■ DATA FOR THE TASK ■
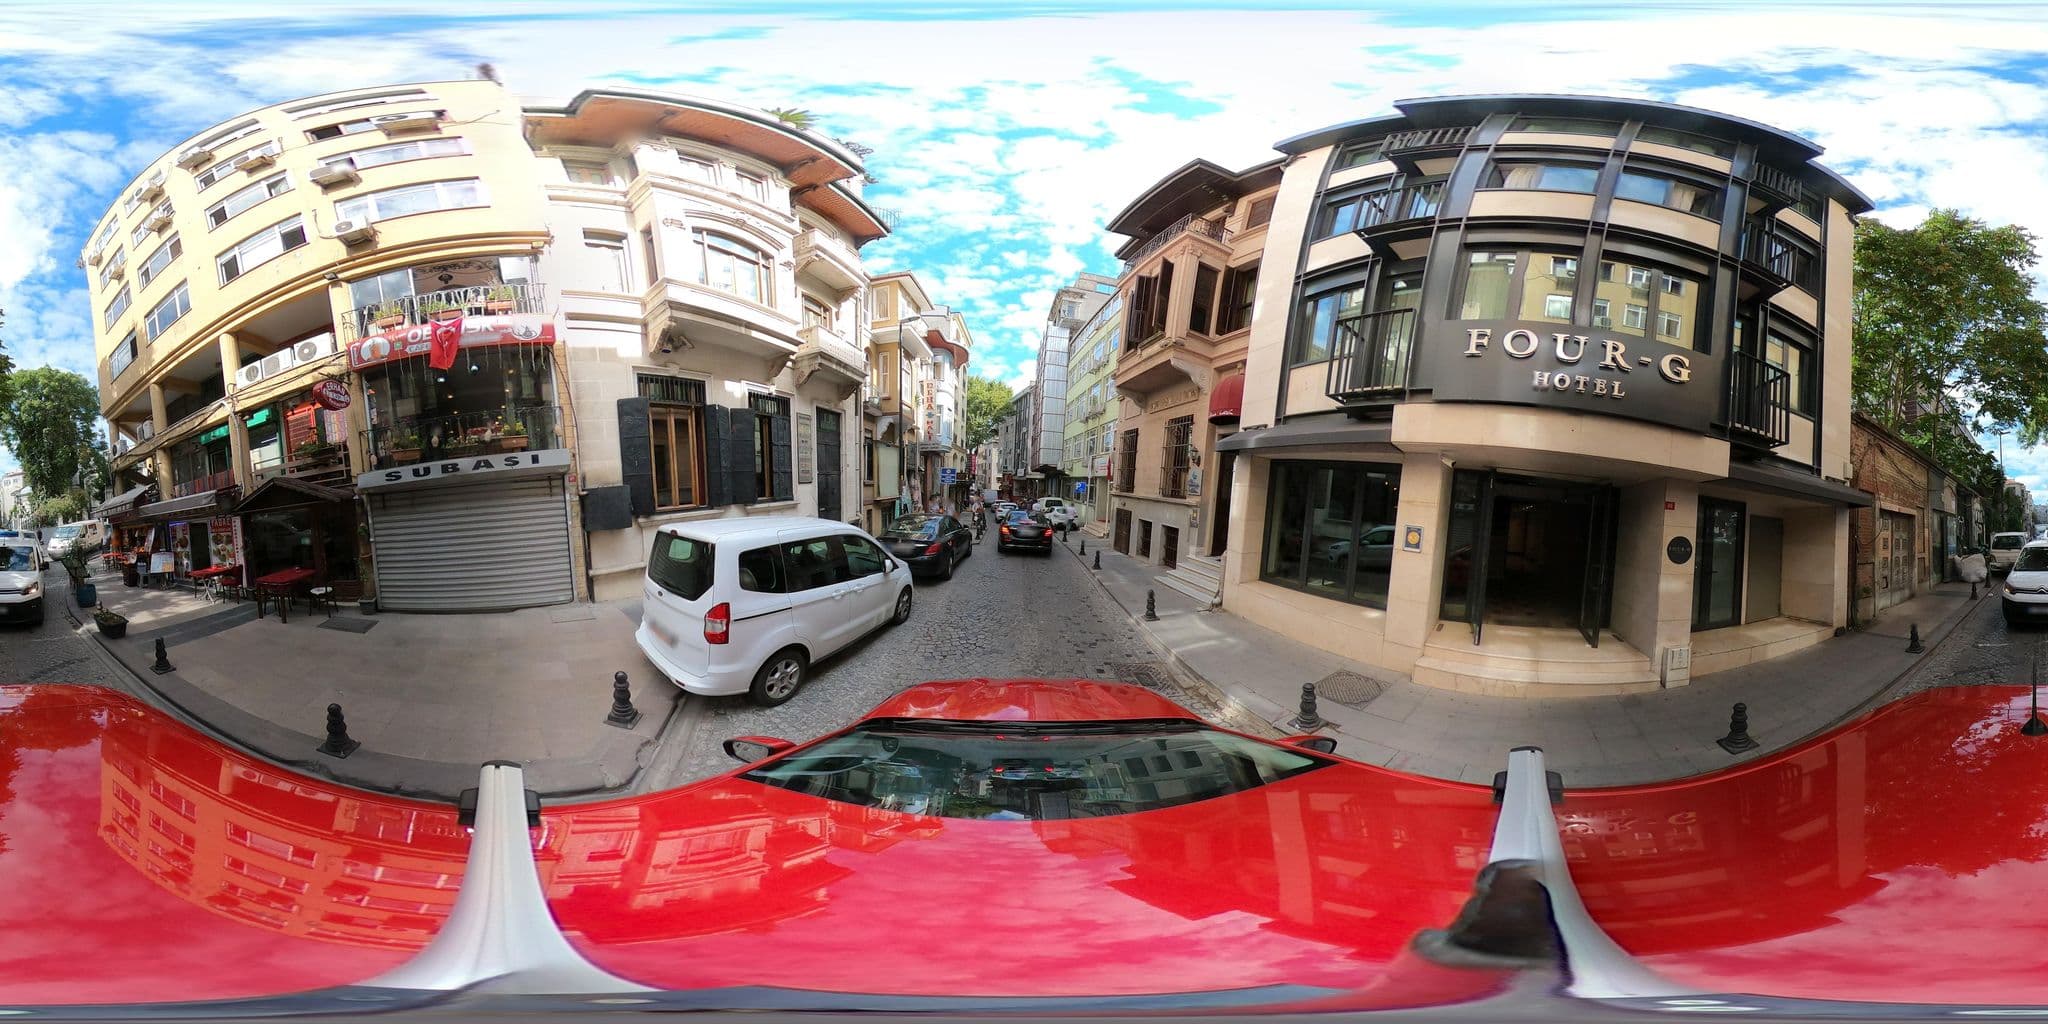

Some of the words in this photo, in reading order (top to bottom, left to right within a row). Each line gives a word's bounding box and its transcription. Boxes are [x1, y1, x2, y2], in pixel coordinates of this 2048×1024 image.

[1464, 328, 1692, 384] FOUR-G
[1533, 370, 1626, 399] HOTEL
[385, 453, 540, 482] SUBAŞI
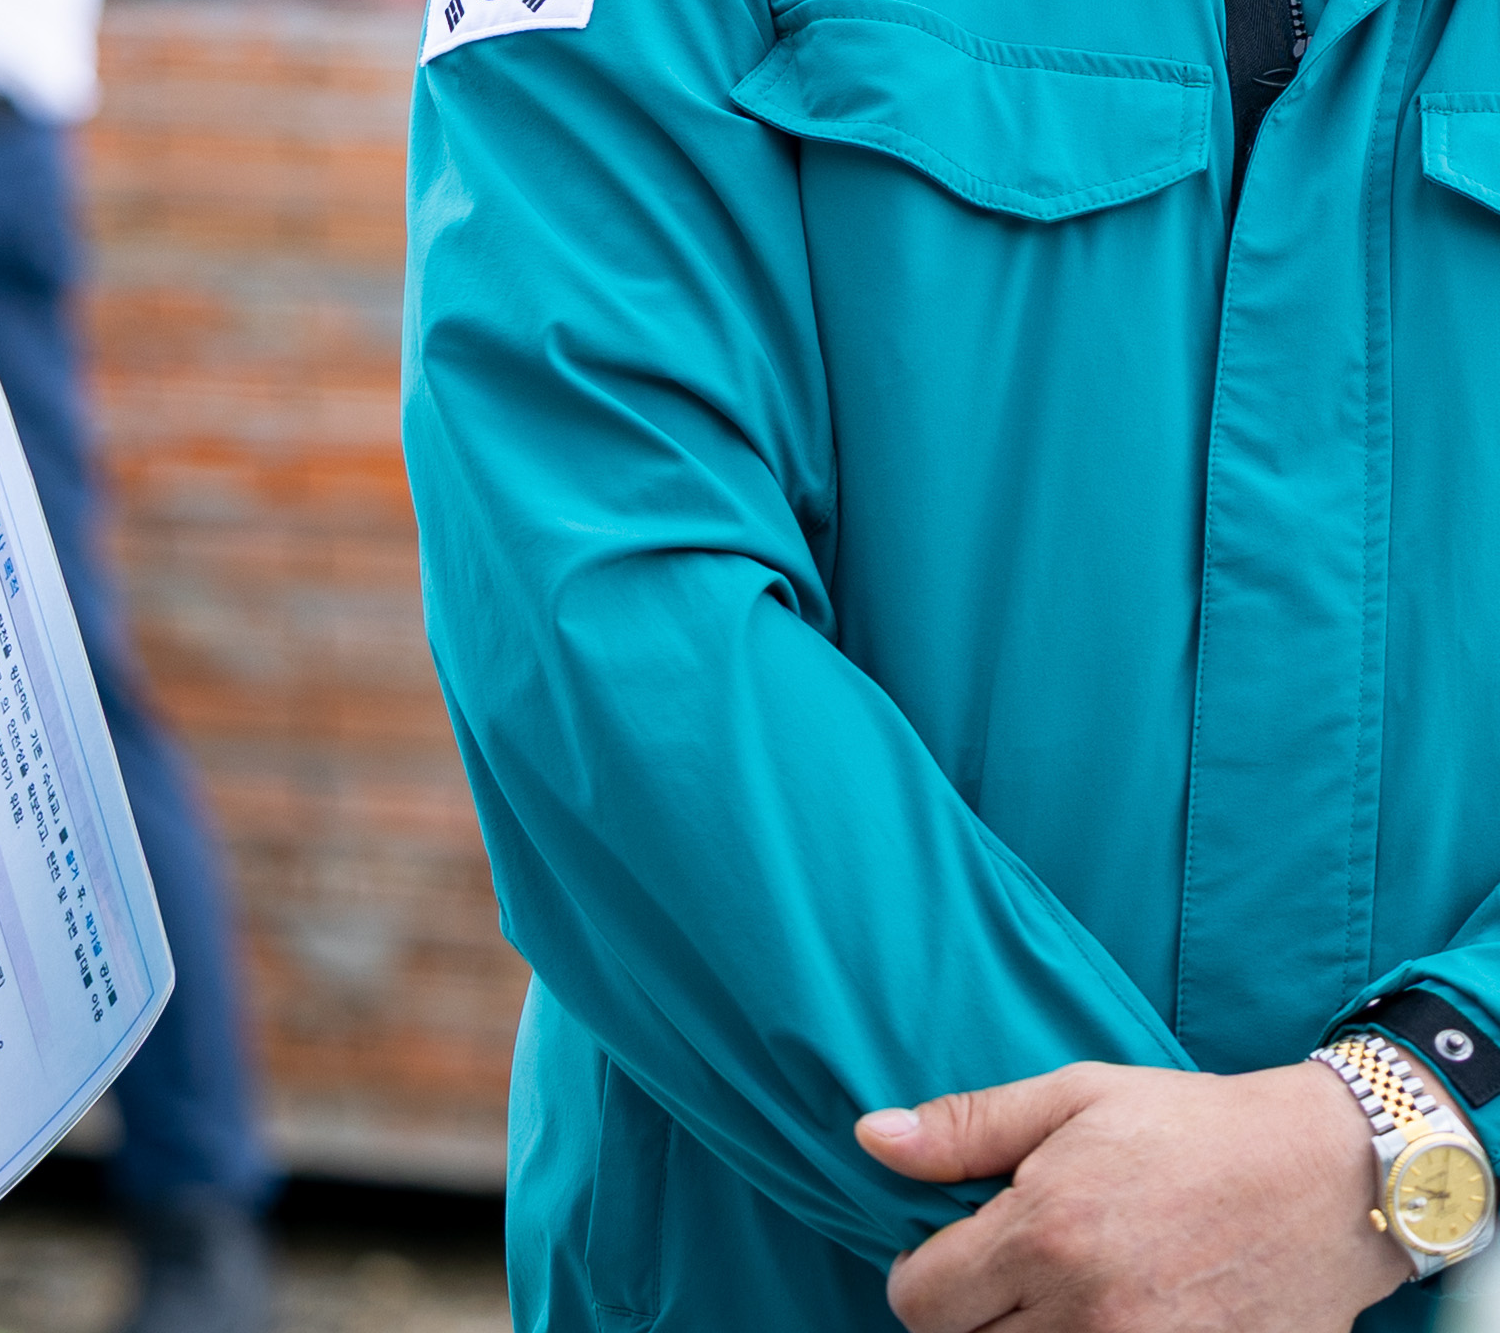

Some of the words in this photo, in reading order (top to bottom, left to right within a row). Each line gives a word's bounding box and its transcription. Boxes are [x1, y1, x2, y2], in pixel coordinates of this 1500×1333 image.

■ TO DO ■
The data must be repeated exactly. Any pictures in it are to be left out.

■ EXERCISE ANSWER ■
Some of the words in this photo, in reading order (top to bottom, left to right within a row). Each line gives a word's bounding box and its transcription. Boxes are [x1, y1, x2, y2], in pixel coordinates of this 2048×1024 image.

[1464, 328, 1692, 384] FOUR-G
[1533, 370, 1626, 399] HOTEL
[385, 453, 540, 482] SUBAŞI

Some of the words in this photo, in reading order (top to bottom, left to right within a row). Each line gives a word's bounding box and its transcription. Boxes are [x1, y1, x2, y2], in pixel coordinates of this 1500×1333 image.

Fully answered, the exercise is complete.